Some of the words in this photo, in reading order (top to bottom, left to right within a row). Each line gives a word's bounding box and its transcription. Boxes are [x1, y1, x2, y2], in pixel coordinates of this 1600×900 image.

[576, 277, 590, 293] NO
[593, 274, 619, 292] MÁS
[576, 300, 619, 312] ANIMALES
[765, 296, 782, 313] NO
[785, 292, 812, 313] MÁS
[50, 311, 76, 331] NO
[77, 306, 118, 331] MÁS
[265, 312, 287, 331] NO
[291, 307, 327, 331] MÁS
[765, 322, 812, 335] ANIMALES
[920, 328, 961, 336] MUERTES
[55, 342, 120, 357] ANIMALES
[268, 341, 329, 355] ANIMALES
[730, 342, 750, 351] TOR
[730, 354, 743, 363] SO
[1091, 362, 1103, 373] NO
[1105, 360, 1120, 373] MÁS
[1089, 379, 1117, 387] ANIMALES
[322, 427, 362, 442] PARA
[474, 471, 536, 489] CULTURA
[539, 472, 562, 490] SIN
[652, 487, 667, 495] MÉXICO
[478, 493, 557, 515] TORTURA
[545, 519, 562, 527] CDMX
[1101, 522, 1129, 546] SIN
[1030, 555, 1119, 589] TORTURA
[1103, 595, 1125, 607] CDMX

### YOUR INSTRUCTIONS
Write down all the entries again without a single difference.

### ANSWER TO THE EXERCISE
Some of the words in this photo, in reading order (top to bottom, left to right within a row). Each line gives a word's bounding box and its transcription. Boxes are [x1, y1, x2, y2], in pixel coordinates of this 1600×900 image.

[576, 277, 590, 293] NO
[593, 274, 619, 292] MÁS
[576, 300, 619, 312] ANIMALES
[765, 296, 782, 313] NO
[785, 292, 812, 313] MÁS
[50, 311, 76, 331] NO
[77, 306, 118, 331] MÁS
[265, 312, 287, 331] NO
[291, 307, 327, 331] MÁS
[765, 322, 812, 335] ANIMALES
[920, 328, 961, 336] MUERTES
[55, 342, 120, 357] ANIMALES
[268, 341, 329, 355] ANIMALES
[730, 342, 750, 351] TOR
[730, 354, 743, 363] SO
[1091, 362, 1103, 373] NO
[1105, 360, 1120, 373] MÁS
[1089, 379, 1117, 387] ANIMALES
[322, 427, 362, 442] PARA
[474, 471, 536, 489] CULTURA
[539, 472, 562, 490] SIN
[652, 487, 667, 495] MÉXICO
[478, 493, 557, 515] TORTURA
[545, 519, 562, 527] CDMX
[1101, 522, 1129, 546] SIN
[1030, 555, 1119, 589] TORTURA
[1103, 595, 1125, 607] CDMX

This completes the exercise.